=== Begin Enclosure ===

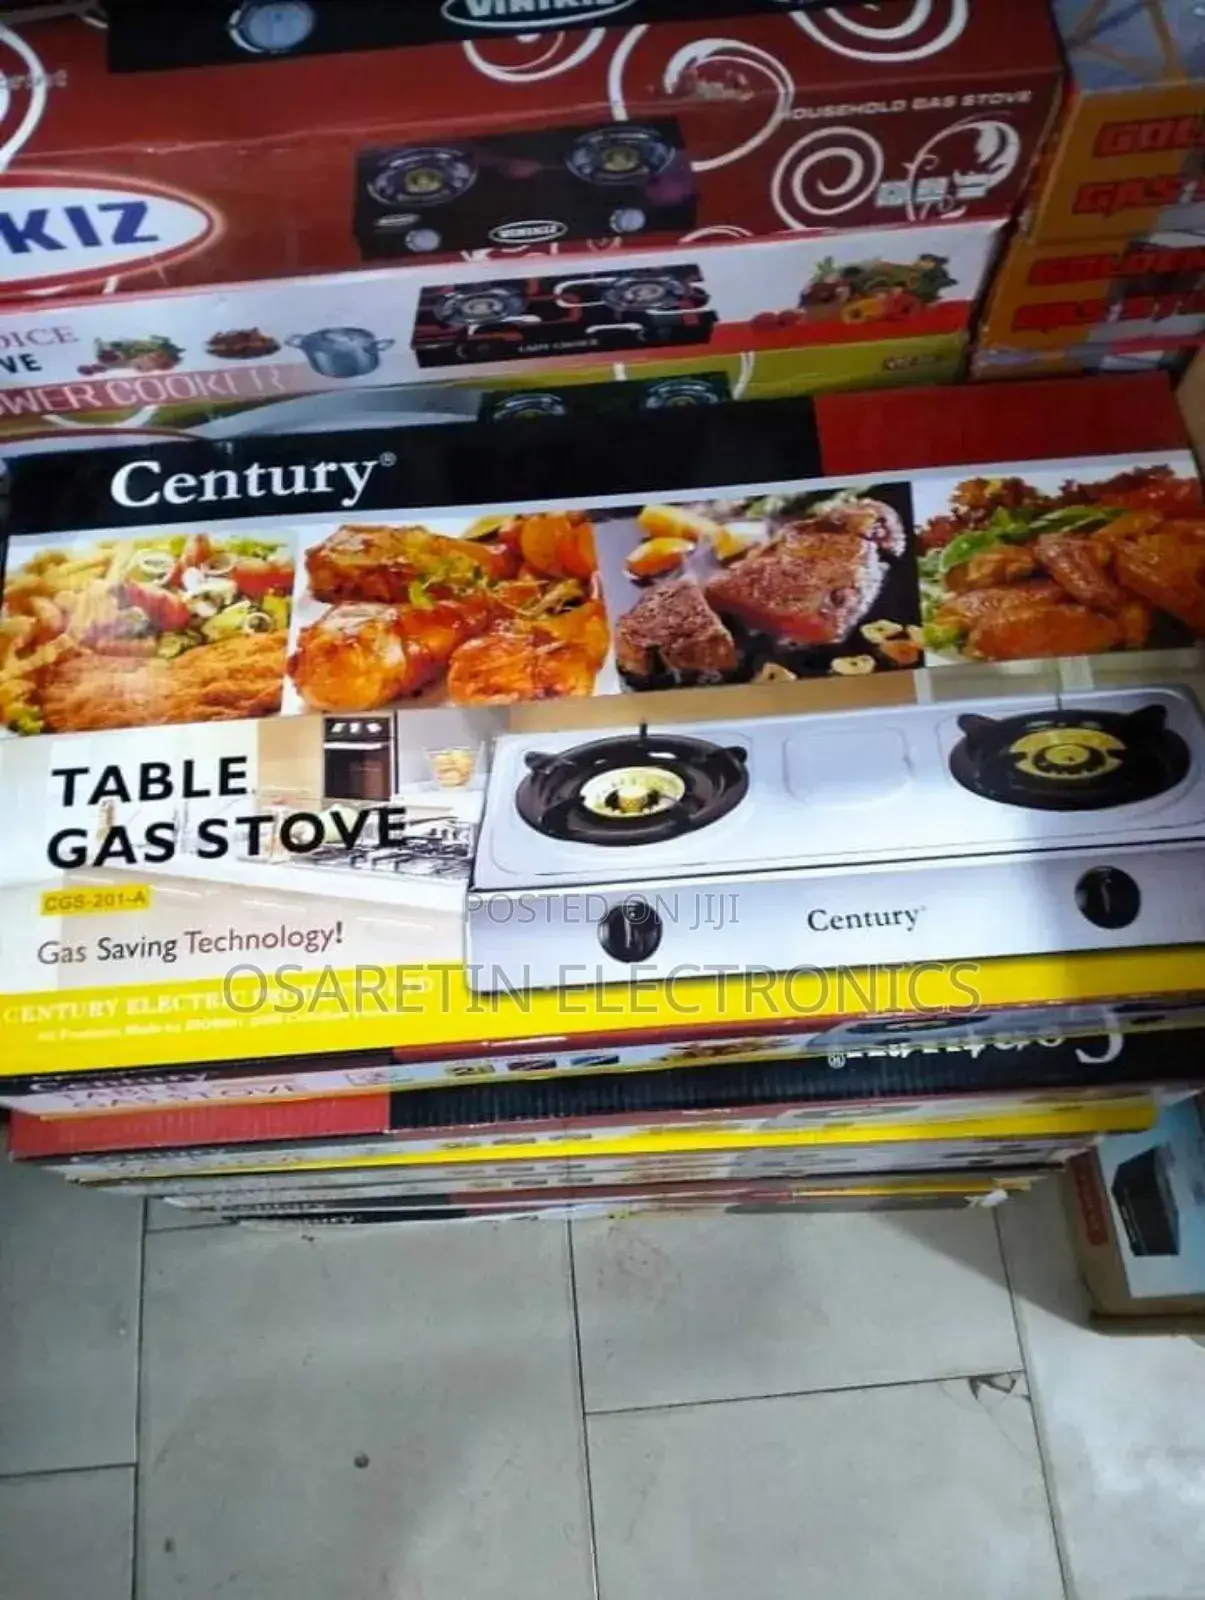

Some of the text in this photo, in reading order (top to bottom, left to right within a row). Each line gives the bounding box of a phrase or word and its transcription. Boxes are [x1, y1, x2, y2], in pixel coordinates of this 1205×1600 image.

[465, 0, 618, 17] VINIK
[960, 89, 1032, 107] STOVE
[110, 459, 378, 508] Century
[51, 755, 248, 807] TABLE
[47, 806, 407, 869] GAS STOVE
[43, 889, 147, 912] CGS-201-A
[807, 907, 919, 932] Century
[38, 920, 344, 965] Gas Saving Technology!
[3, 998, 120, 1025] CENTURY
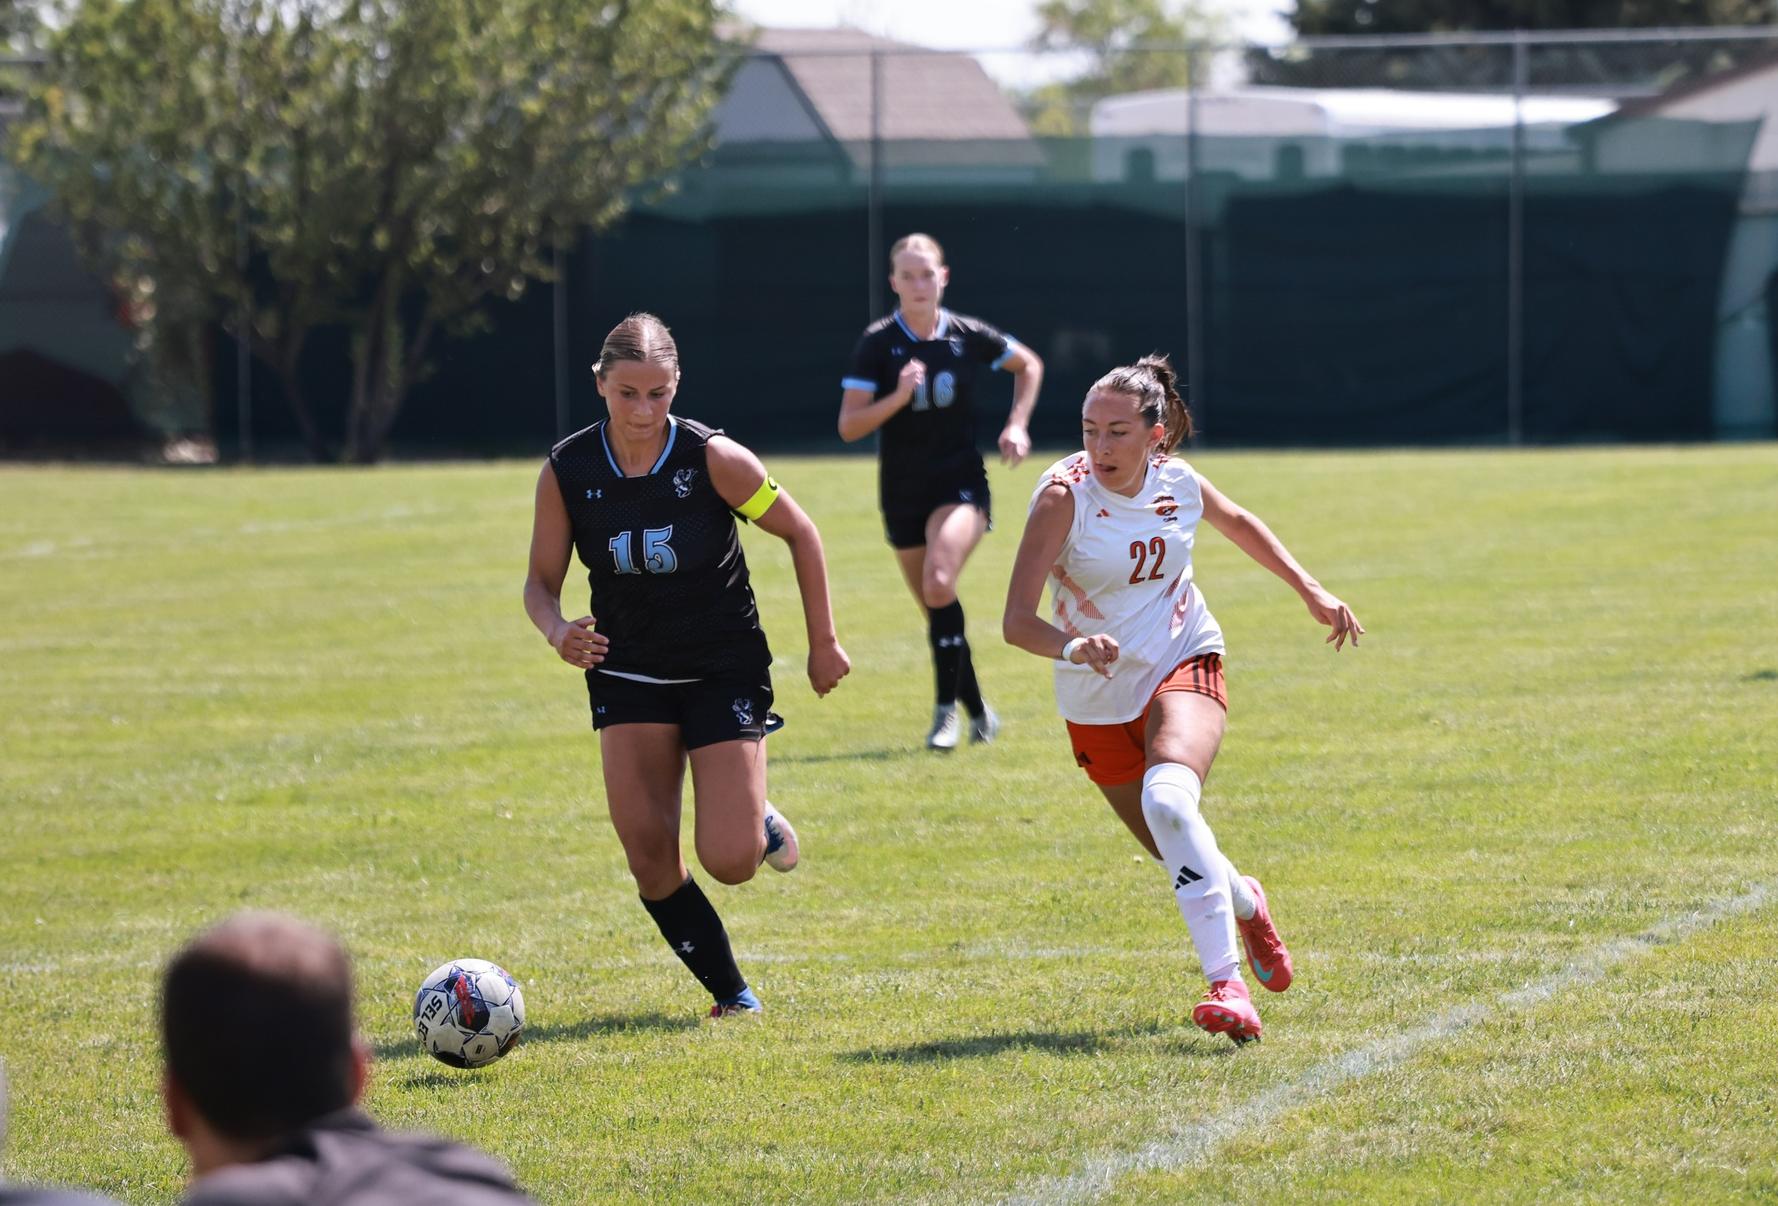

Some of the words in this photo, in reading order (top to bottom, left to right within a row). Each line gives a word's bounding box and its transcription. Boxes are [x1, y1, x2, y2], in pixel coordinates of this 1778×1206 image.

[912, 371, 954, 411] 16
[608, 524, 678, 575] 15
[1129, 536, 1166, 584] 22

=== End Enclosure ===

Work instruction: The expected output is the exact run of lines from the line with "Some of the words" through the last line of the material above.

Exercise answer:
Some of the words in this photo, in reading order (top to bottom, left to right within a row). Each line gives a word's bounding box and its transcription. Boxes are [x1, y1, x2, y2], in pixel coordinates of this 1778×1206 image.

[912, 371, 954, 411] 16
[608, 524, 678, 575] 15
[1129, 536, 1166, 584] 22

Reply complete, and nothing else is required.